» **SUPPLIED MATERIAL**
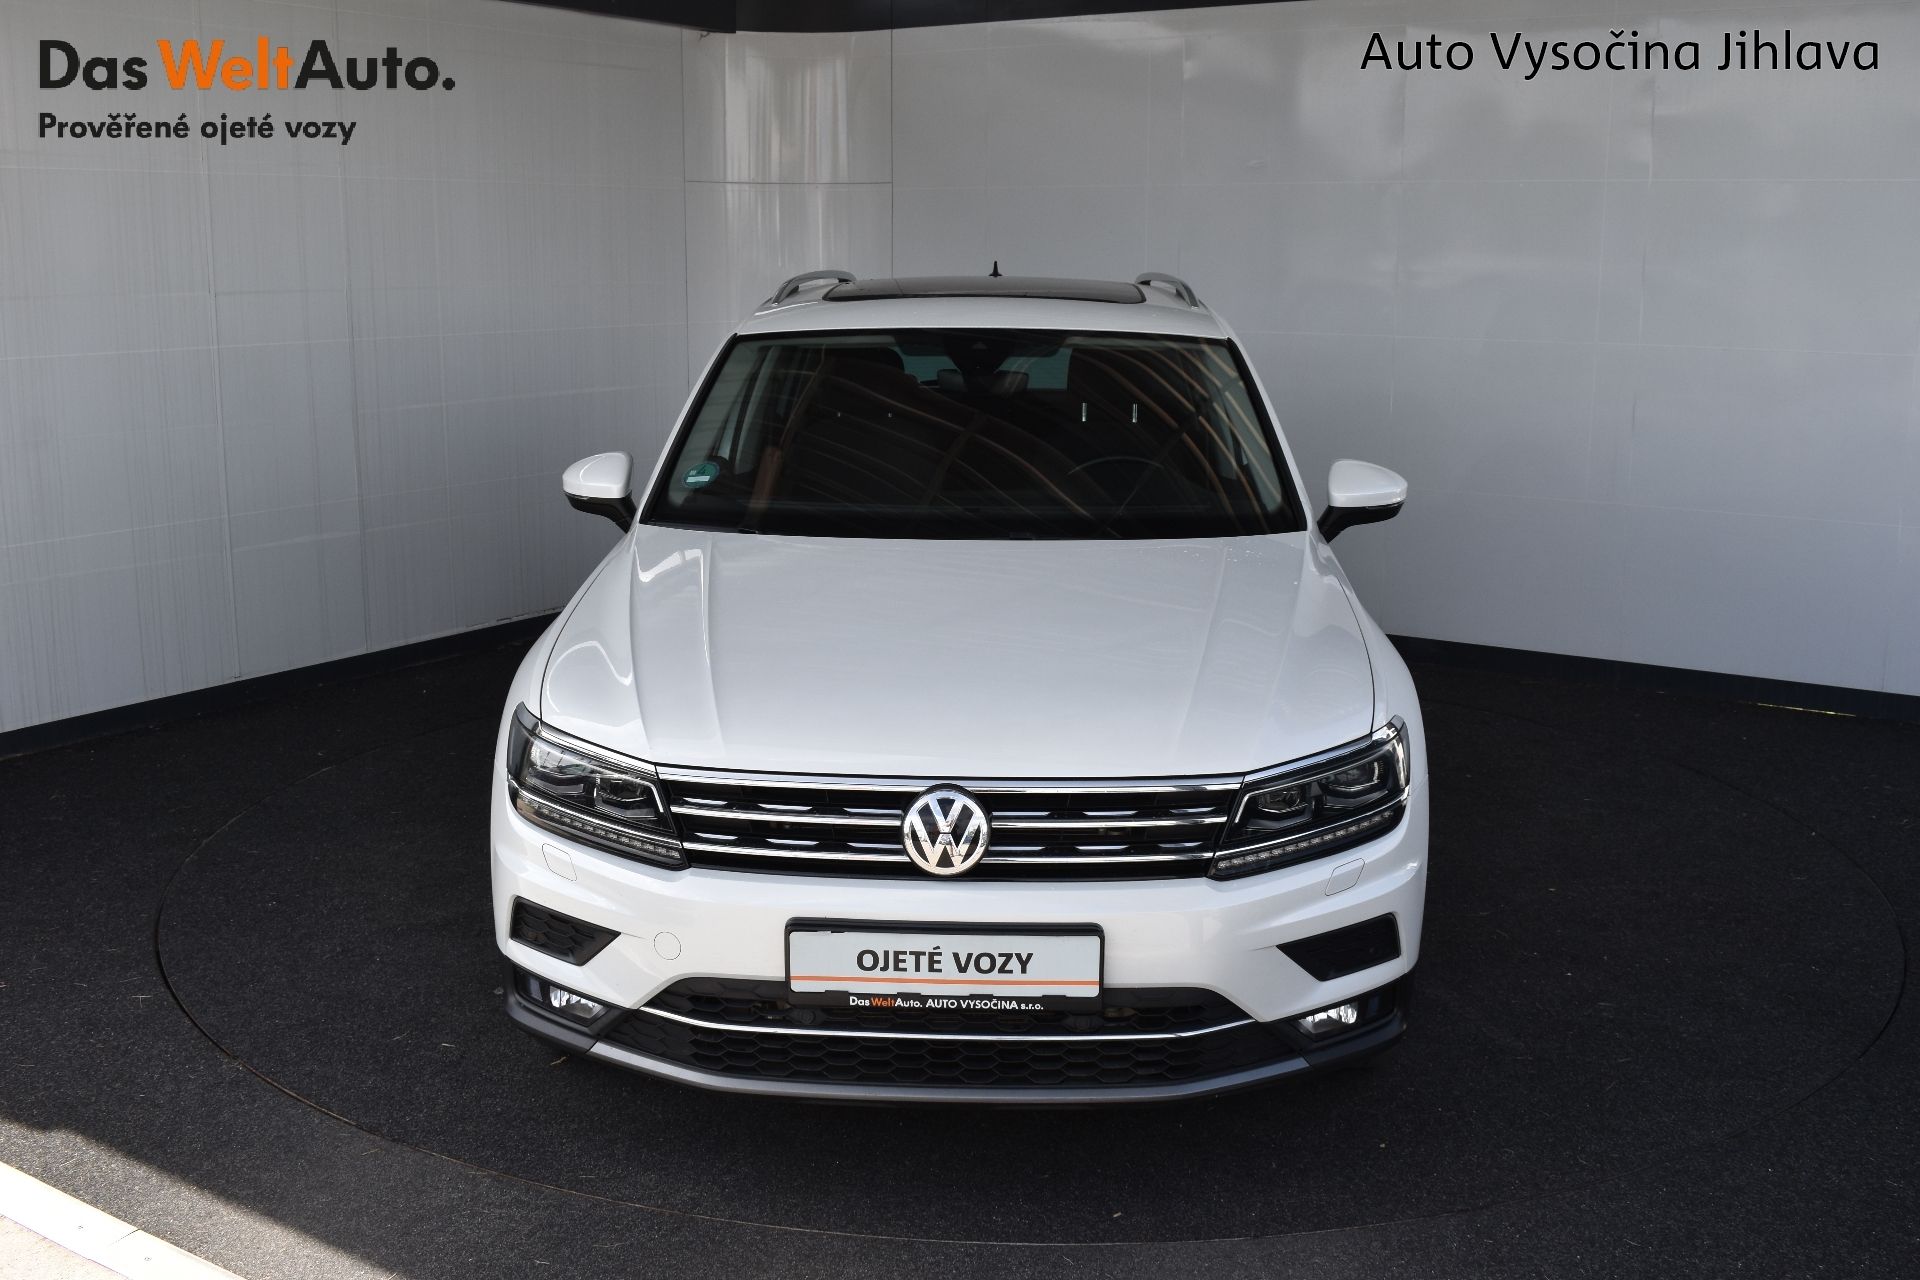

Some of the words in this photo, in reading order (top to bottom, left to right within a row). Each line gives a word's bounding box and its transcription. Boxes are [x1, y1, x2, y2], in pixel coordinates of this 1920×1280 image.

[856, 945, 943, 973] OJETÉ
[952, 951, 1034, 974] VOZY
[849, 996, 870, 1007] Das
[925, 998, 957, 1009] AUTO
[960, 998, 1018, 1010] VYSOČINA
[1020, 1001, 1044, 1011] s.r.o.
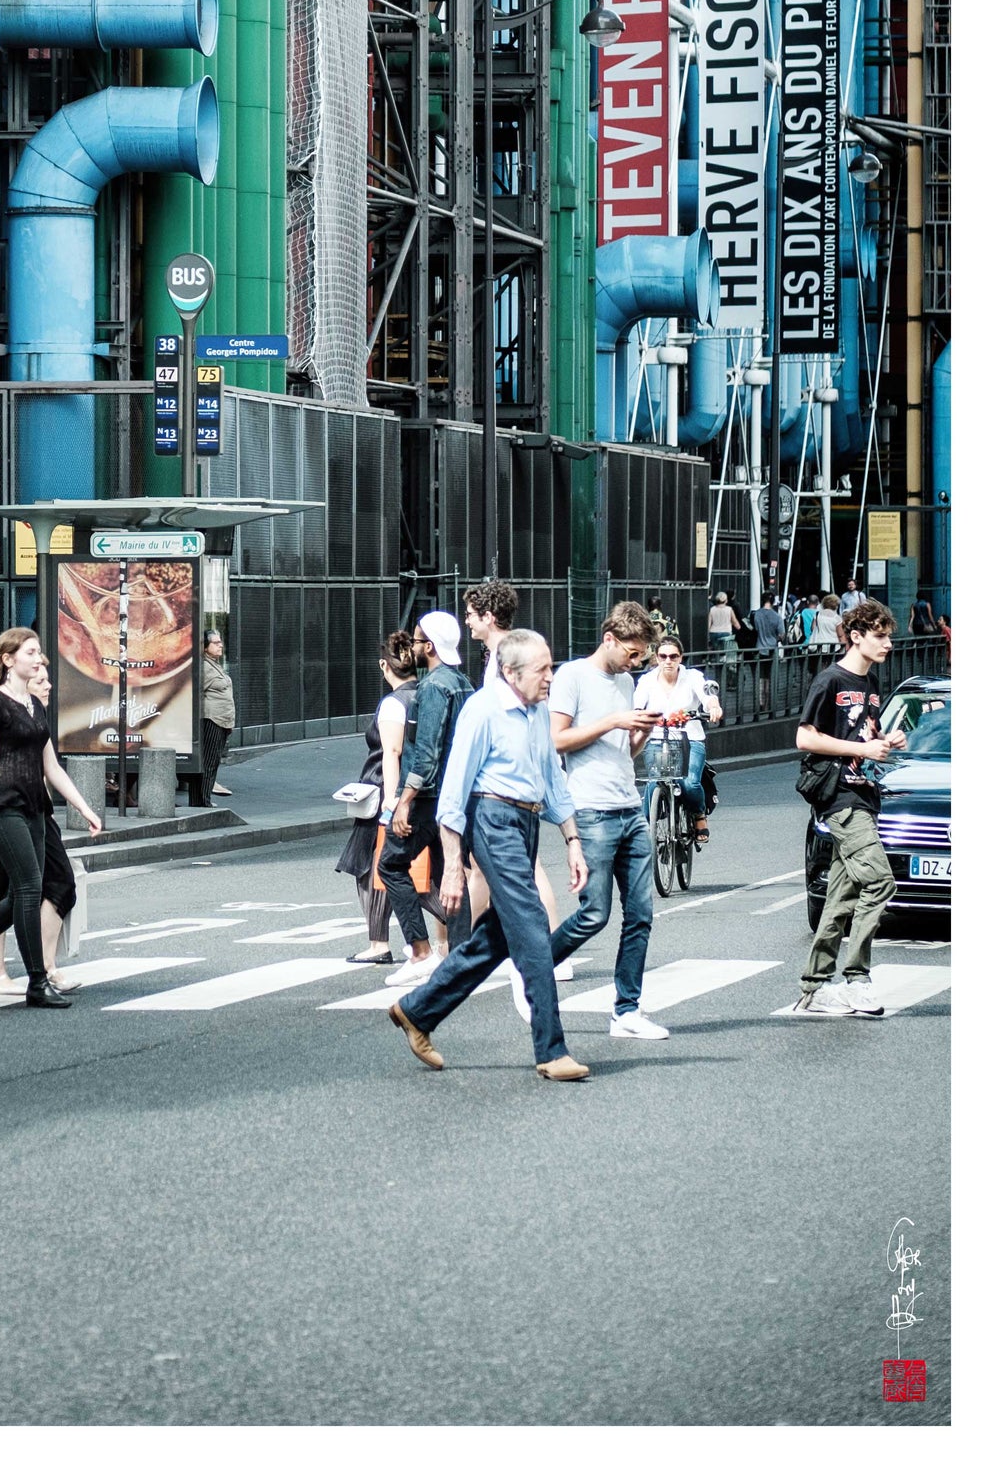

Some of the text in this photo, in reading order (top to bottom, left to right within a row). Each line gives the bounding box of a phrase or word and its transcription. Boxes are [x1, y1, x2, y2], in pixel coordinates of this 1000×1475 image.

[825, 34, 837, 49] ET
[784, 44, 823, 94] DU
[824, 52, 837, 95] DANIEL
[603, 41, 662, 240] TEVEN
[784, 107, 823, 185] ANS
[824, 98, 837, 193] CONTEMPORAIN
[783, 194, 821, 258] DIX
[823, 235, 836, 301] FONDATION
[171, 267, 206, 286] BUS
[783, 270, 821, 340] LES
[823, 303, 835, 320] LA
[823, 323, 835, 339] DE
[159, 338, 176, 351] 38
[229, 339, 255, 347] Centre
[206, 347, 279, 357] Georges Pompidou
[159, 369, 175, 380] 47
[200, 369, 217, 380] 75
[120, 541, 146, 550] Mairie
[148, 541, 159, 549] du
[103, 658, 154, 668] MATINI
[107, 734, 142, 743] MATINI
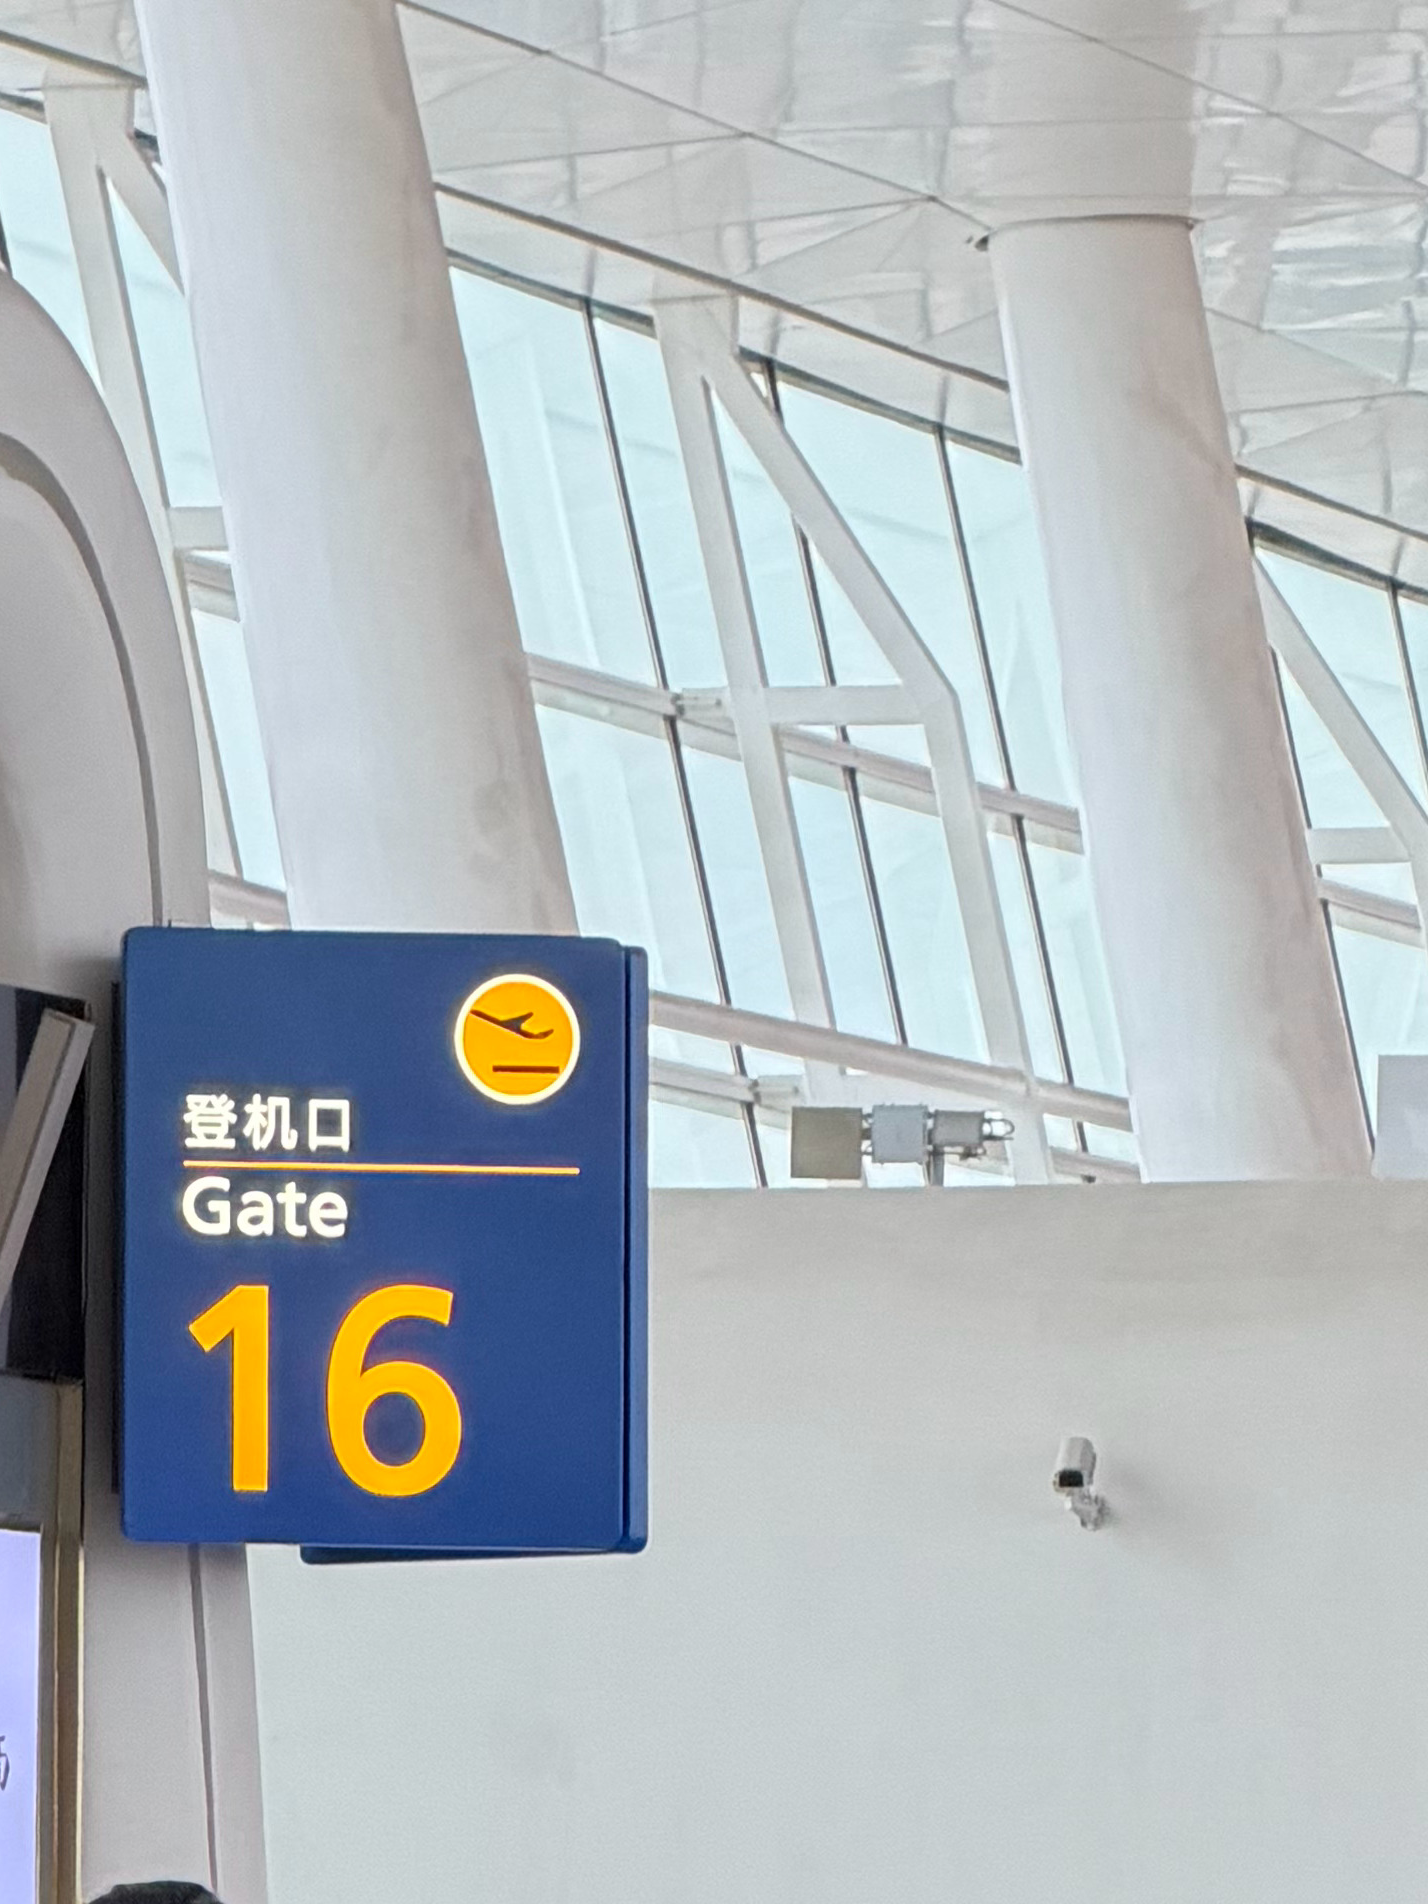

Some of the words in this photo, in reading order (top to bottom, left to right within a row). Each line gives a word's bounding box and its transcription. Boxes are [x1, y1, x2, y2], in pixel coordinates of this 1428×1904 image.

[182, 1092, 351, 1153] 登机口
[182, 1176, 349, 1239] Gate
[188, 1284, 463, 1497] 16

» **WORK TO COMPLETE**
Where an entry includes an image, leave that image out; otherwise, reproduce everything exactly.

» **FINISHED EXERCISE**
Some of the words in this photo, in reading order (top to bottom, left to right within a row). Each line gives a word's bounding box and its transcription. Boxes are [x1, y1, x2, y2], in pixel coordinates of this 1920×1280 image.

[856, 945, 943, 973] OJETÉ
[952, 951, 1034, 974] VOZY
[849, 996, 870, 1007] Das
[925, 998, 957, 1009] AUTO
[960, 998, 1018, 1010] VYSOČINA
[1020, 1001, 1044, 1011] s.r.o.

Some of the text in this photo, in reading order (top to bottom, left to right within a row). Each line gives the bounding box of a phrase or word and its transcription. Boxes are [x1, y1, x2, y2], in pixel coordinates of this 1000×1475 image.

[825, 34, 837, 49] ET
[784, 44, 823, 94] DU
[824, 52, 837, 95] DANIEL
[603, 41, 662, 240] TEVEN
[784, 107, 823, 185] ANS
[824, 98, 837, 193] CONTEMPORAIN
[783, 194, 821, 258] DIX
[823, 235, 836, 301] FONDATION
[171, 267, 206, 286] BUS
[783, 270, 821, 340] LES
[823, 303, 835, 320] LA
[823, 323, 835, 339] DE
[159, 338, 176, 351] 38
[229, 339, 255, 347] Centre
[206, 347, 279, 357] Georges Pompidou
[159, 369, 175, 380] 47
[200, 369, 217, 380] 75
[120, 541, 146, 550] Mairie
[148, 541, 159, 549] du
[103, 658, 154, 668] MATINI
[107, 734, 142, 743] MATINI

Some of the words in this photo, in reading order (top to bottom, left to right within a row). Each line gives a word's bounding box and its transcription. Boxes are [x1, y1, x2, y2], in pixel coordinates of this 1428×1904 image.

[182, 1092, 351, 1153] 登机口
[182, 1176, 349, 1239] Gate
[188, 1284, 463, 1497] 16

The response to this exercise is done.